Prediction accuracy and generalization analysis: simulation vs. real-world-driven env.
| Model | Sim. Environment MAPE (%) |
Real-World Driven Env. MAPE (%) |
|---|---|---|
| ARIMA | 24.50 | 29.19 |
| RBFNN | 34.86 | 35.89 |
| LSTM | 6.09 | 23.80 |
| TimesNet | 4.75 | 23.72 |
To elucidate the temporal dynamics underlying this quantitative superiority, Figure 2 plots the single-step prediction fitting curves for the simulated environment. The overall trend indicates that the TimesNet trajectory exhibits tight convergence with the ground truth, accurately tracking multi-scale periodic fluctuations. In contrast, the ARIMA curve exhibits erratic fluctuations and significant overshoot, failing to model the complex non-linear volatility.
Figure 2.
Latency forecasting performance. Comparative analysis of a representative node shows TimesNet achieves superior convergence with ground truth, accurately tracking high-entropy singularities where baselines exhibit significant phase lag or instability.
Crucially, the magnified inset in Figure 2 highlights the models’ responses to a critical network failure event, characterized by a high-entropy singularity manifesting as a catastrophic latency surge to 600 ms. Recurrent architectures like LSTMs exhibit a pronounced informational phase lag and severe amplitude attenuation, with the predicted value failing to exceed 260 ms, thereby dangerously underestimating the system risk. By systematically decomposing complex latency time series into distinct periodic components via FFT, TimesNet accurately distinguishes between structured dual-frequency fluctuations and sporadic high-entropy anomalies. This enables the model to promptly capture the phase transition and accurately predict the recovery trajectory without the hysteresis inherent in RNNs. Ultimately, this robust time-frequency representation enables TimesNet to effectively capture latency dynamics across heterogeneous consensus environments.

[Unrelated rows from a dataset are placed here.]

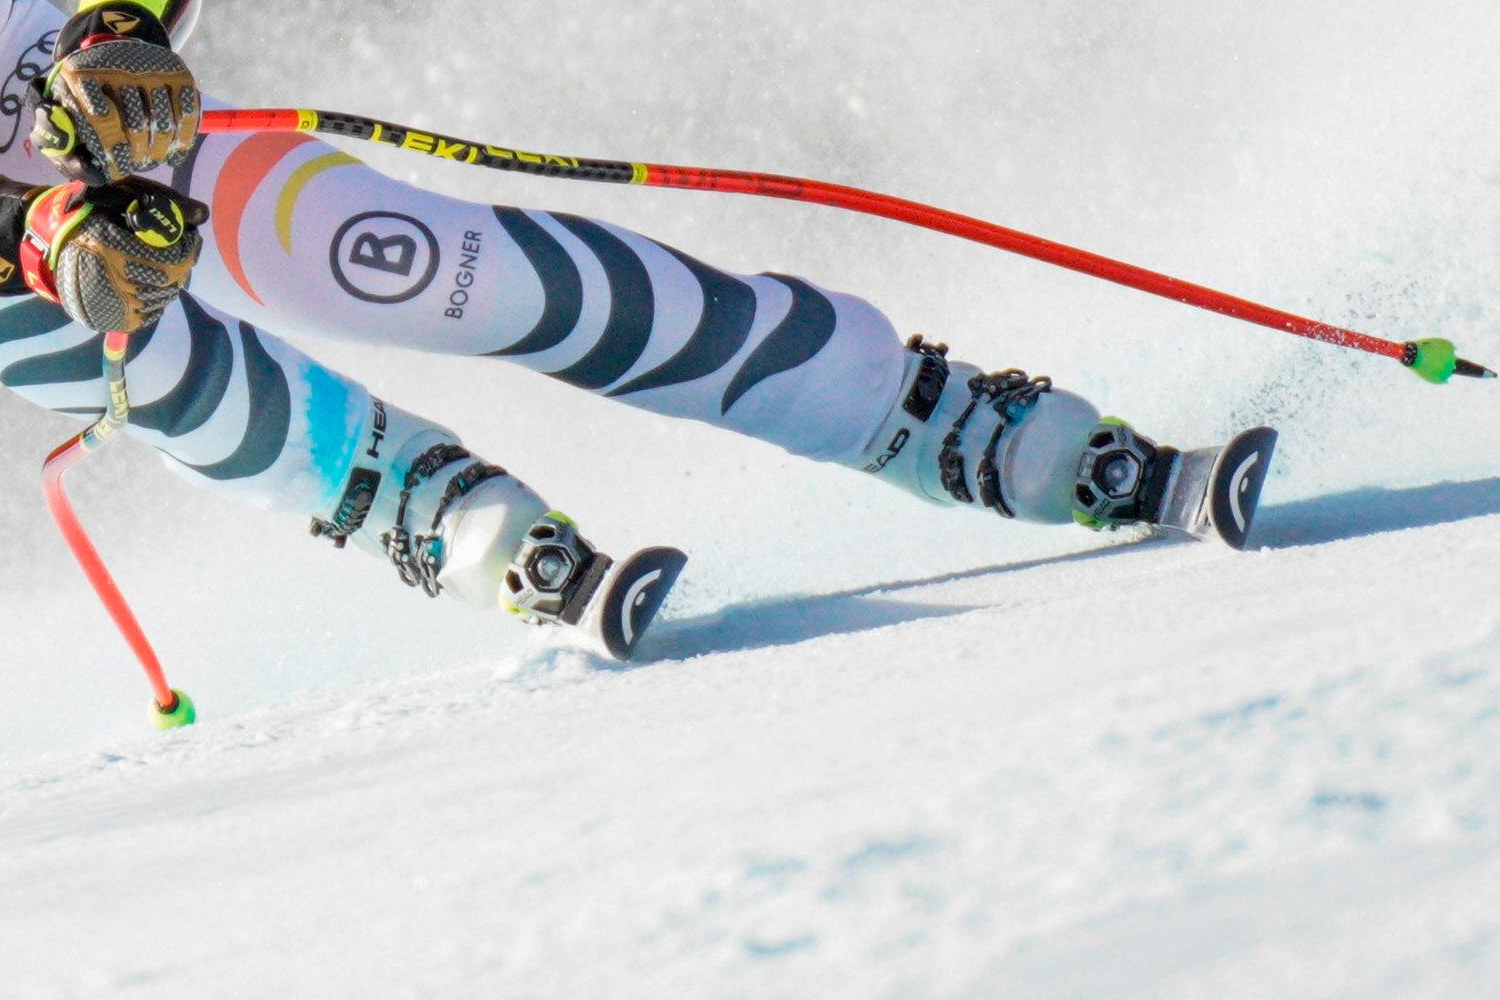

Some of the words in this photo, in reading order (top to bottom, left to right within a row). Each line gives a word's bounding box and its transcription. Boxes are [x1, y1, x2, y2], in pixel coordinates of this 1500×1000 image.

[372, 124, 478, 165] LEKI
[149, 207, 178, 234] LEKI
[349, 231, 417, 277] B
[445, 229, 483, 321] BOGNER
[366, 394, 387, 460] HEA
[863, 427, 910, 474] EAD
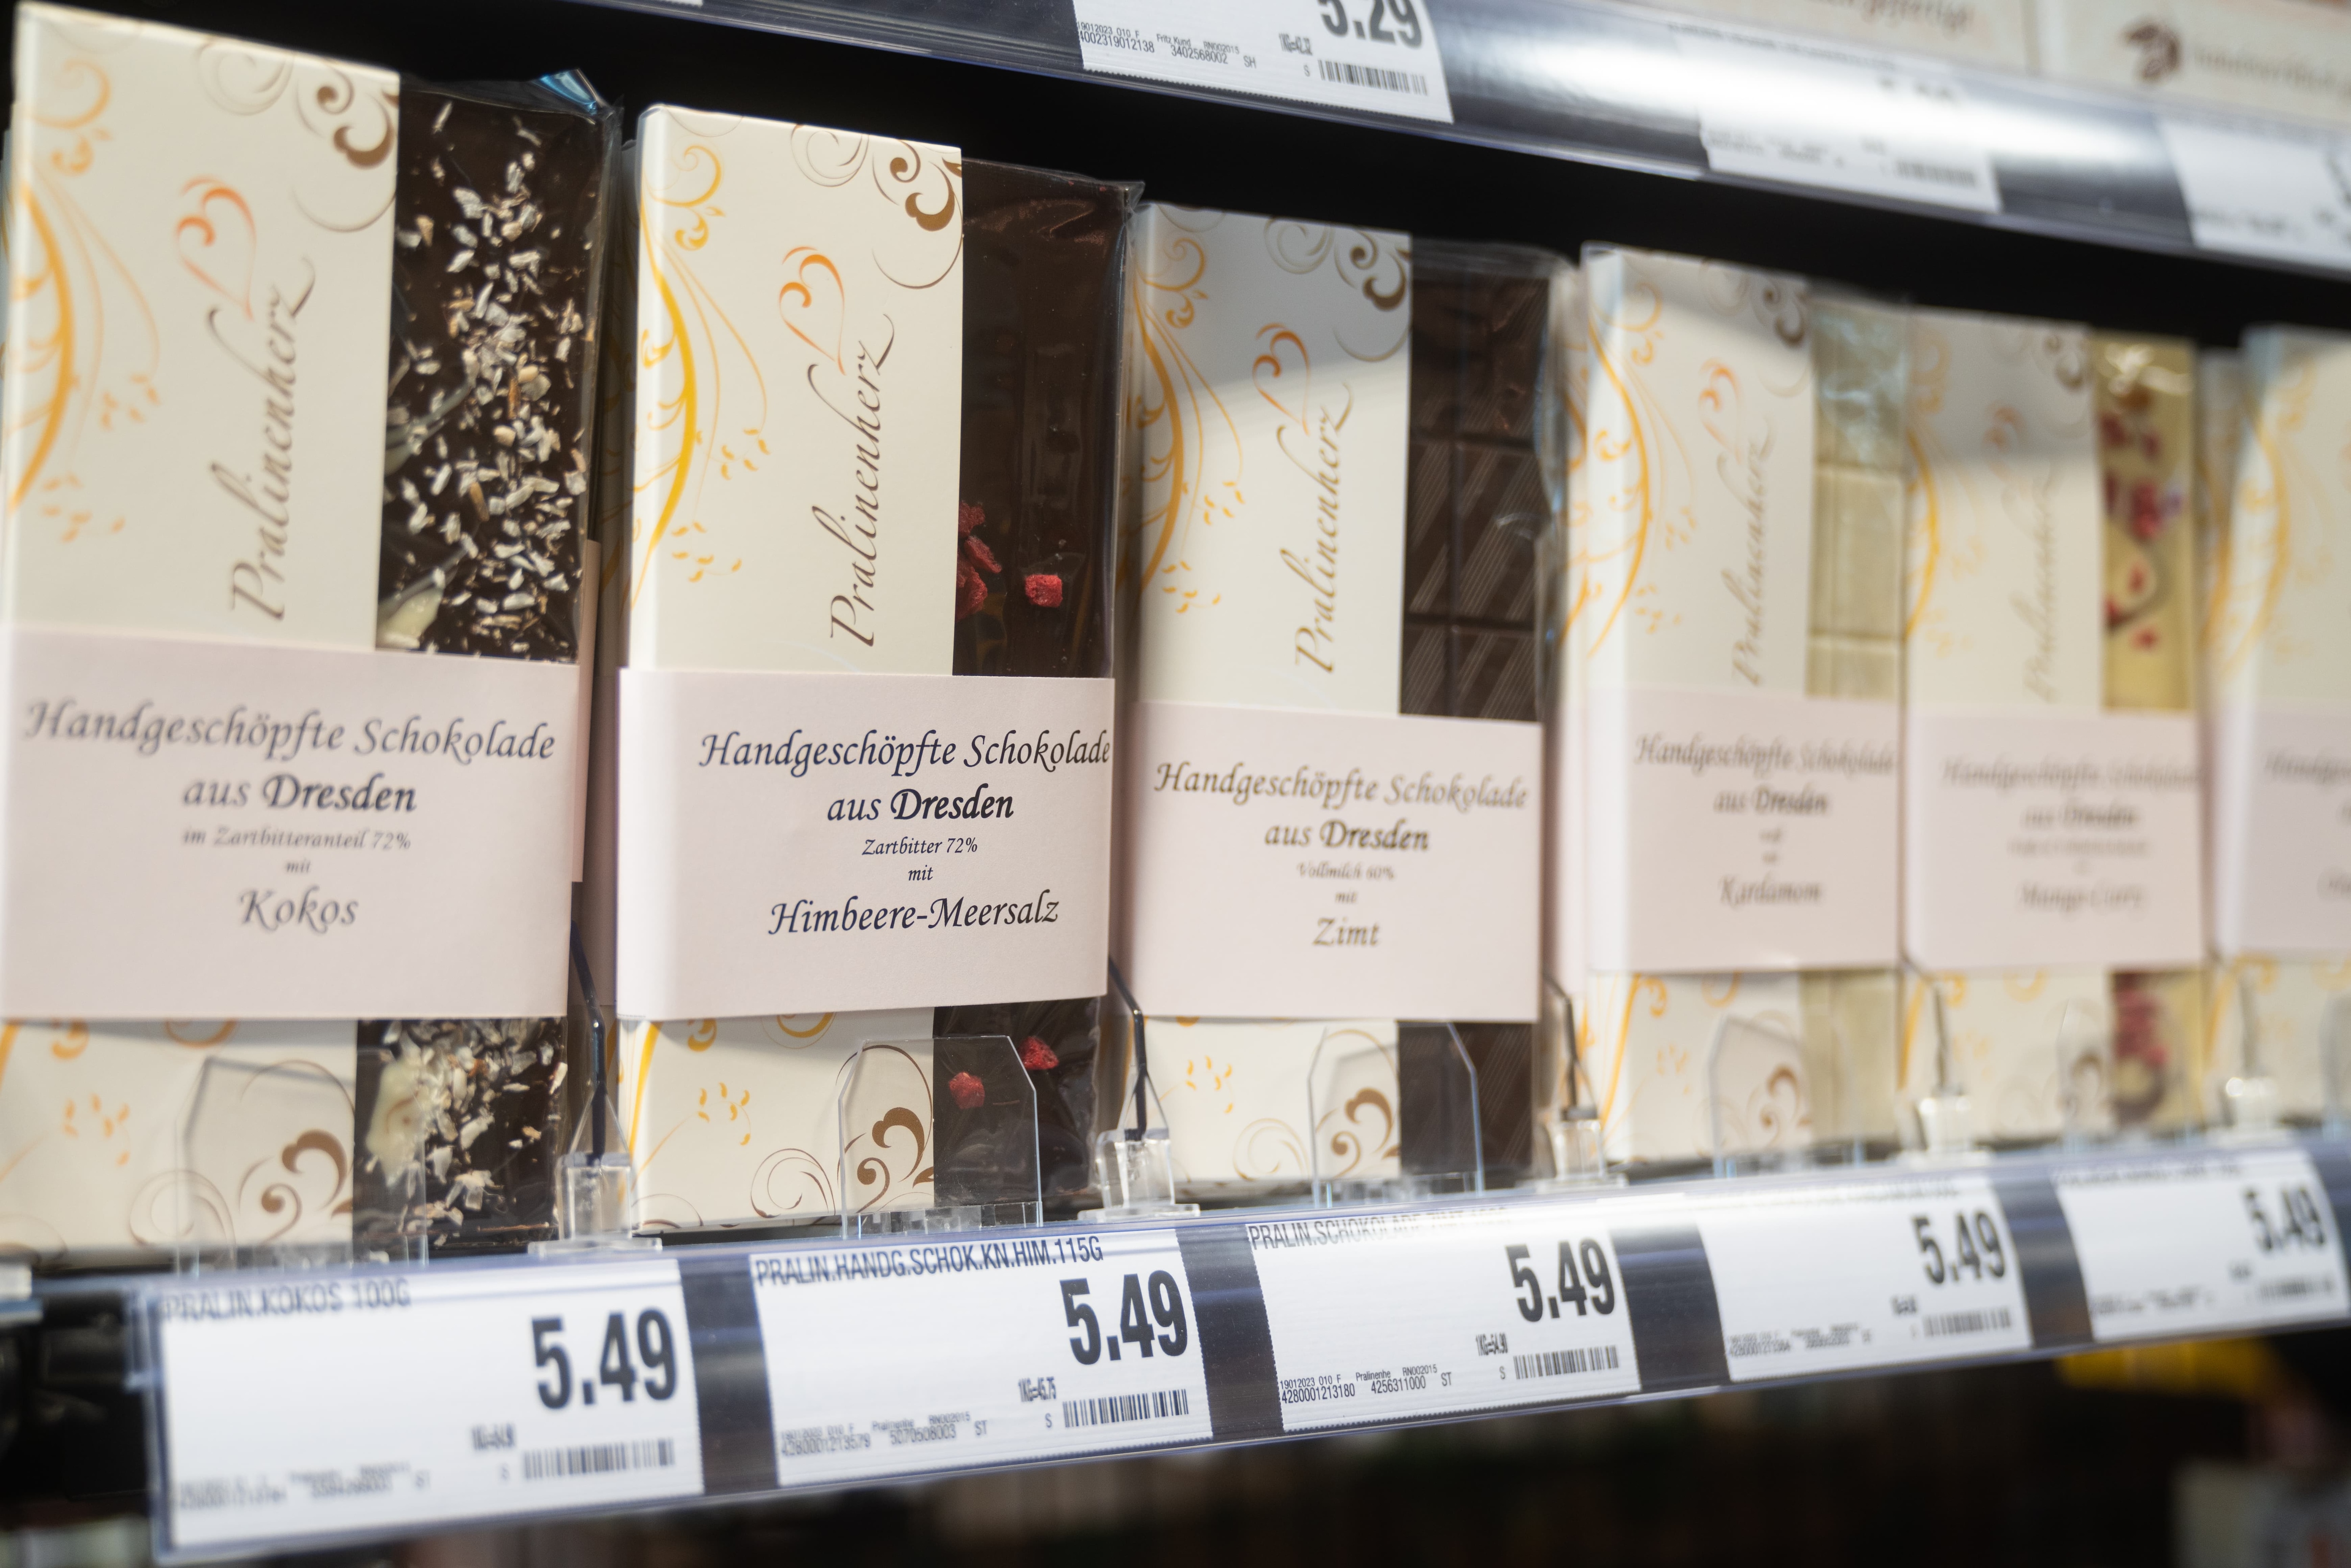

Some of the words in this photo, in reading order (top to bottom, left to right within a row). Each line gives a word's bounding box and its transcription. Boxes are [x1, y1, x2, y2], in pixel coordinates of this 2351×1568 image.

[1077, 21, 1112, 35] 19012023
[1157, 33, 1171, 45] Fritz
[1175, 37, 1191, 47] Kund
[1317, 0, 1423, 49] 5.29
[1079, 30, 1155, 54] 4002319012138
[1170, 44, 1229, 64] 3402568002
[1244, 55, 1257, 69] SH
[1303, 65, 1310, 77] S
[807, 314, 894, 647] Pralinenherz
[1276, 380, 1354, 673] Pralinenherz
[25, 699, 345, 761] Handgeschöpfte
[354, 716, 556, 764] Schokolade
[699, 729, 955, 778] Handgeschöpfte
[963, 729, 1110, 773] Schokolade
[183, 775, 250, 807] aus
[263, 772, 418, 813] Dresden
[827, 795, 880, 821] aus
[890, 783, 1014, 820] Dresden
[1154, 760, 1378, 810] Handgeschöpfte
[1383, 772, 1528, 813] Schokolade
[371, 830, 411, 851] 72%
[861, 836, 942, 856] Zartbitter
[947, 836, 978, 855] 72%
[1265, 824, 1311, 847] aus
[1319, 818, 1429, 851] Dresden
[284, 858, 311, 875] mit
[907, 865, 933, 882] mit
[239, 886, 359, 935] Kokos
[768, 889, 1060, 936] Himbeere-Meersalz
[1334, 889, 1358, 905] mit
[1312, 917, 1380, 947] Zimt
[1911, 1211, 2006, 1284] 5.49
[1505, 1238, 1616, 1323] 5.49
[1060, 1269, 1189, 1366] 5.49
[531, 1308, 678, 1410] 5.49
[1280, 1376, 1315, 1390] 19012023
[1318, 1375, 1333, 1386] 010
[1337, 1374, 1341, 1384] F
[1356, 1369, 1391, 1382] Pralinenhe
[1402, 1364, 1437, 1377] RN002015
[1281, 1383, 1356, 1404] 4280001213180
[1371, 1375, 1426, 1394] 4256311000
[1441, 1371, 1452, 1387] ST
[1499, 1365, 1506, 1380] S
[974, 1419, 988, 1436] ST
[1045, 1413, 1052, 1428] S

4.3. Entropy-Constrained Consensus Efficiency Evaluation
This section provides a quantitative evaluation of the thermodynamic efficiency enhancements realized by TimesNet-BFT. To rigorously assess system throughput, transaction confirmation latency, and phase stability (view change frequency), the experimental evaluation is structured around two distinct entropy regimes: Nominal and Adverse.
The Nominal Scenario emulates a stable operating environment characterized by minor stochastic fluctuations around the baseline network latency. This scenario serves as a control baseline to verify that the optimization framework introduces negligible computational entropy under normal conditions. Conversely, the Adverse Scenario is designed to stress-test system resilience through two specific classes of anomalies. Initially, spanning Views 50–70, the system is subjected to network jitter, where high-variance latency fluctuations are simulated via the systematic injection of multi-scale stochastic noise to mimic channel instability. Subsequently, commencing at View 80, a partial network failure is triggered, representing a structural topology breakdown. In this scenario, a distinct subset of nodes (25% of the cluster) experiences a catastrophic latency surge to 600 ms, far exceeding the 200 ms timeout boundary. This comparative analysis evaluates the information-agnostic baseline protocol against the entropy-aware TimesNet-BFT.
Table 3 summarizes the key performance metrics. In the nominal scenario, TimesNet-BFT distinguishes itself by perceiving the inherent stability of the network, allowing the protocol to dynamically tighten the timeout boundary. By replacing the conservative static baseline with this optimized low-entropy bound, the system effectively recovers idle waiting time that would otherwise be dissipated as computational waste in fixed-parameter settings. This transition from static to proactive adjustment directly translates into a noticeable leap in system throughput and a corresponding reduction in confirmation latency. While LSTM-based approaches (visualized in Figure 3) can also adapt, they suffer from informational phase lag during anomalies. In contrast, TimesNet-BFT ensures superior responsiveness, eliminating the hysteresis observed in recurrent architectures.
Table 3.
Consensus performance comparison: Nominal vs. Adverse Scenarios. (TPS: transactions per second; Jitter: injected noise phase; : statistical dispersion of latency. The symbols ↑ and ↓ denote the percentage increase and reduction relative to the baseline, respectively).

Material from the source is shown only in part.